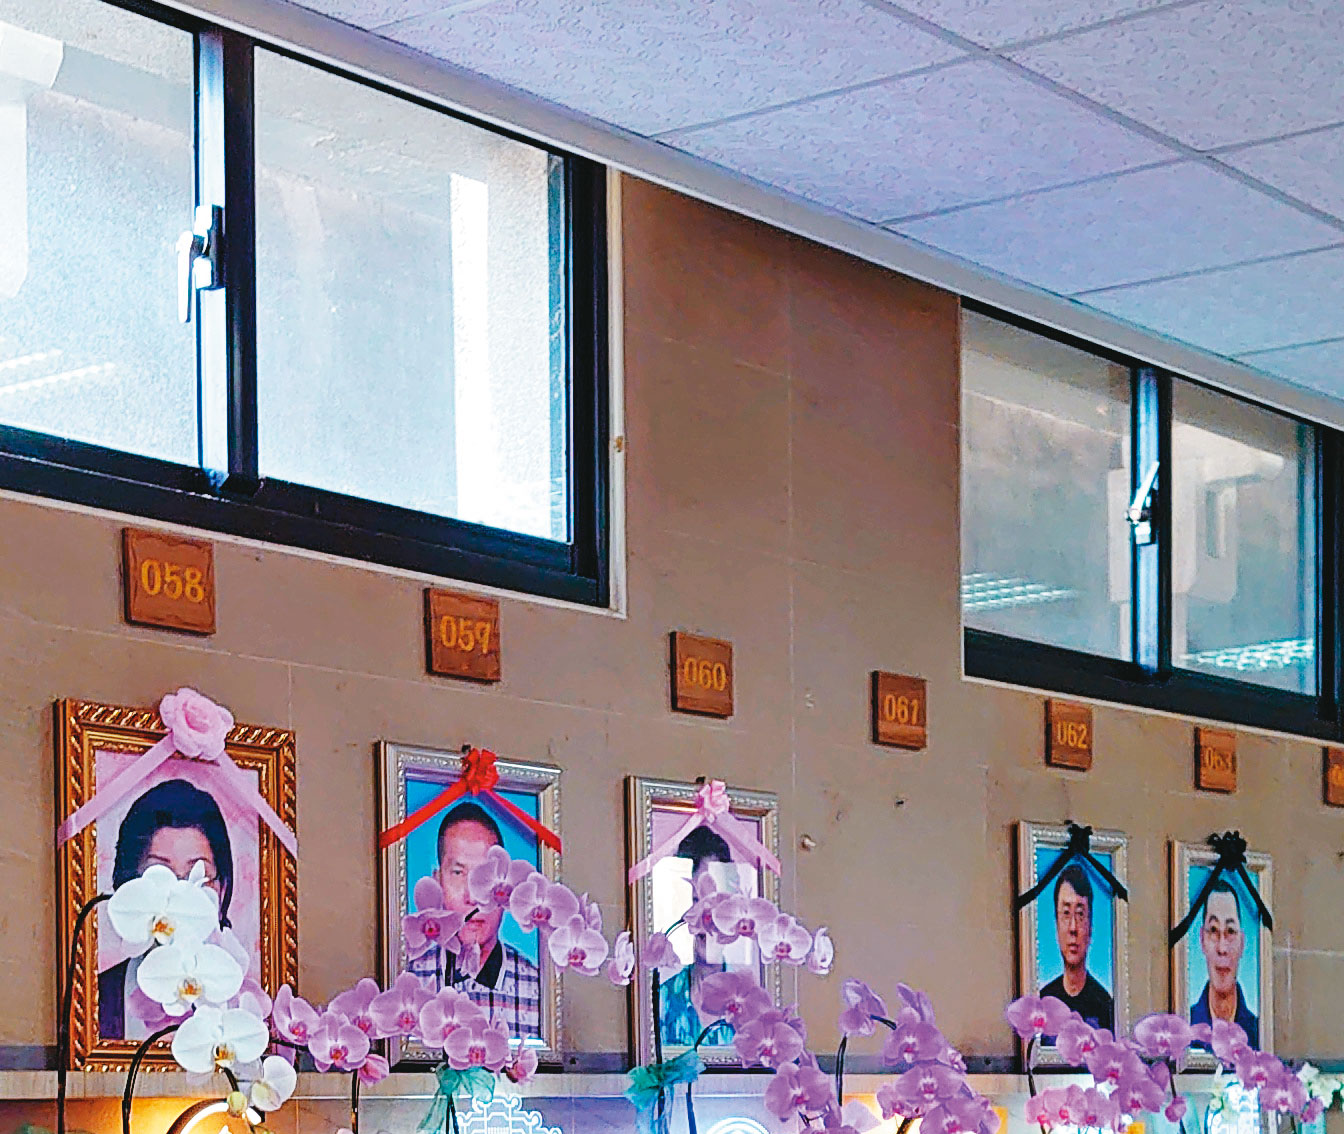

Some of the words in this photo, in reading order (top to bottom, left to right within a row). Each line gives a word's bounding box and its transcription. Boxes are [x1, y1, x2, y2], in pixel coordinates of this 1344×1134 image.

[141, 558, 205, 603] 058
[440, 615, 490, 654] 059
[683, 656, 727, 691] 060
[884, 693, 919, 725] 061
[1056, 721, 1088, 749] 062
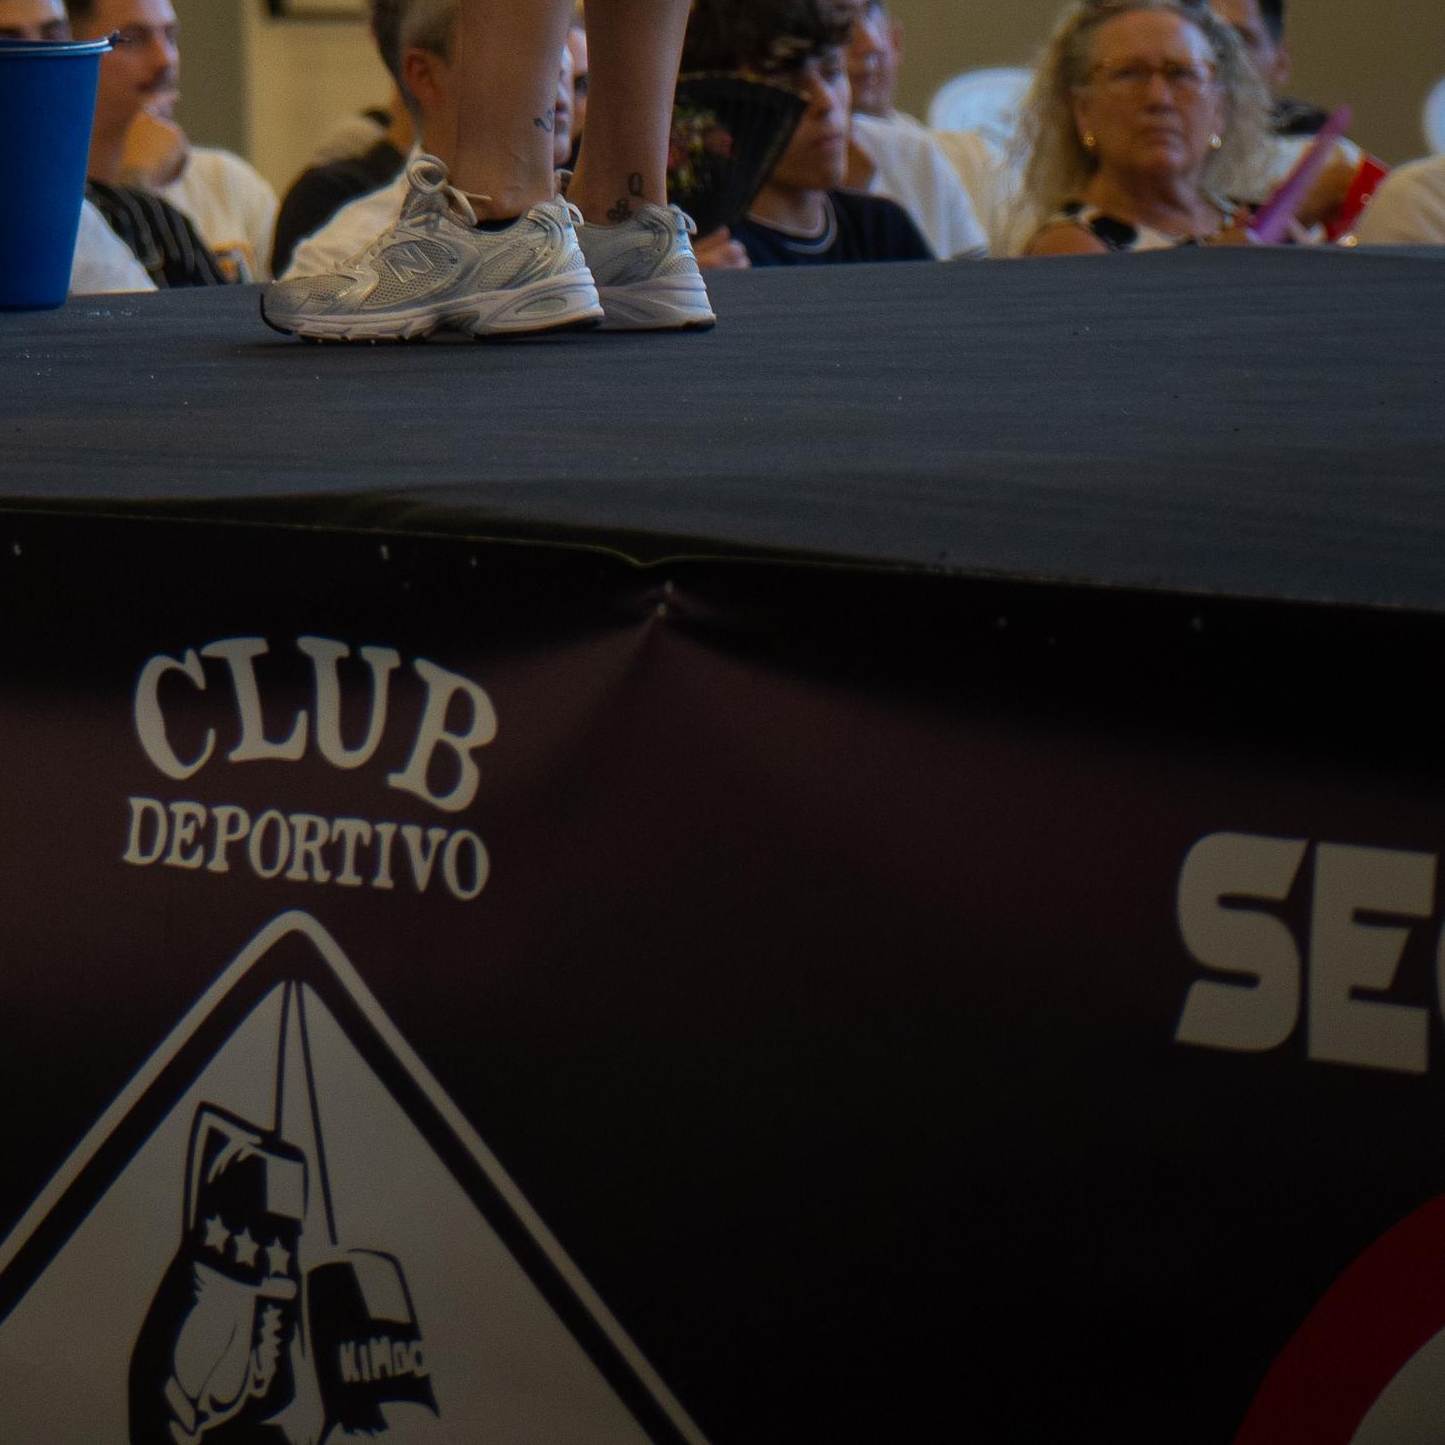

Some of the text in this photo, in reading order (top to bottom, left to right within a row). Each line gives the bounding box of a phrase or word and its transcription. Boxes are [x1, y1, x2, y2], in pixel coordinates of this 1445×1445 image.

[133, 635, 499, 812] CLUB
[121, 795, 491, 901] DEPORTIVO
[1173, 831, 1445, 1077] SE
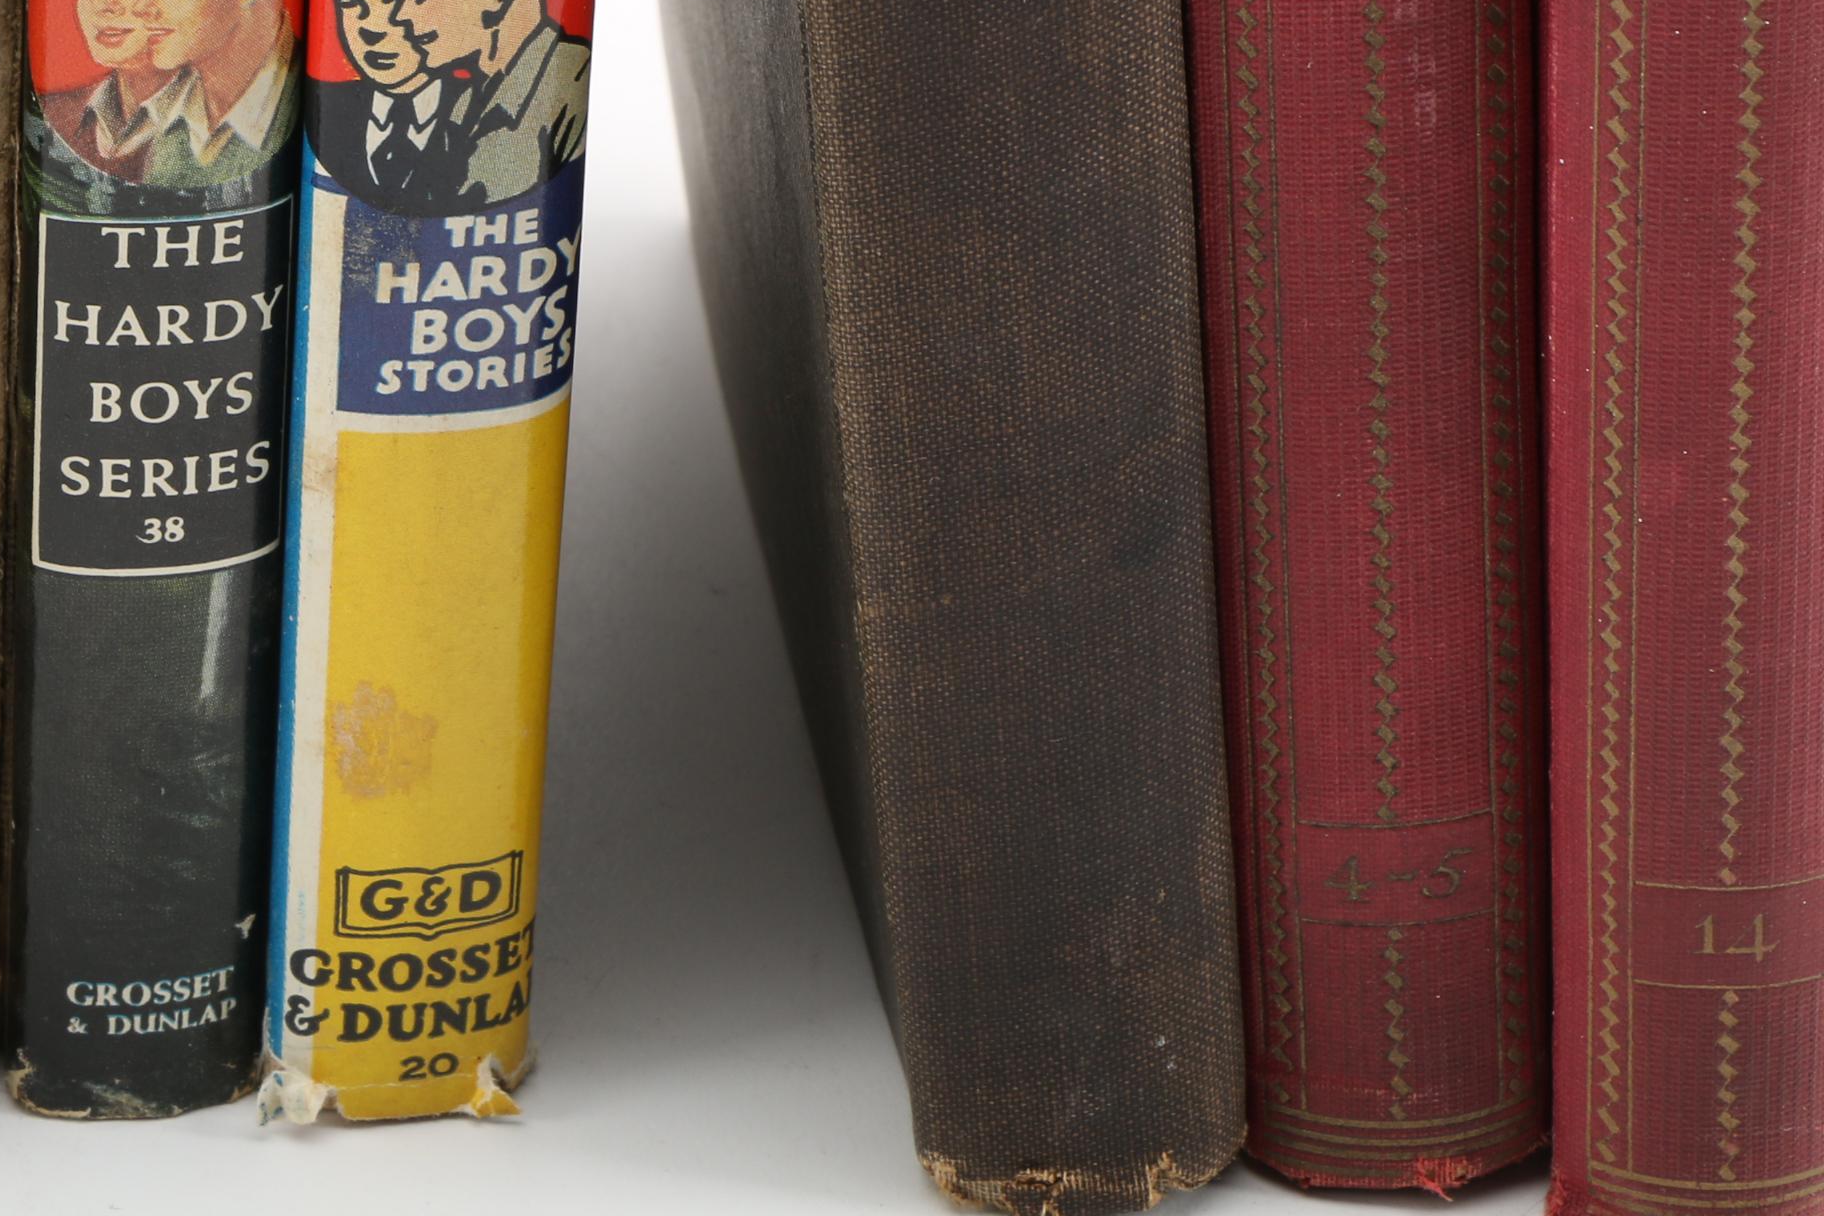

------------------------------------

TO DO: Print all records word for word, no images.

EXERCISE RESPONSE:
Some of the words in this photo, in reading order (top to bottom, left to right within a row). Each line gives a word's bounding box and its transcription. Boxes are [x1, y1, x2, y2], in pixel coordinates of this 1344×1134 image.

[141, 558, 205, 603] 058
[440, 615, 490, 654] 059
[683, 656, 727, 691] 060
[884, 693, 919, 725] 061
[1056, 721, 1088, 749] 062

Some of the text in this photo, in reading order (top to bottom, left to right within a row). Each line gives the bounding box of a phrase or word and its transcription. Boxes are [x1, y1, x2, y2], in pixel coordinates of this 1445×1445 image.

[133, 635, 499, 812] CLUB
[121, 795, 491, 901] DEPORTIVO
[1173, 831, 1445, 1077] SE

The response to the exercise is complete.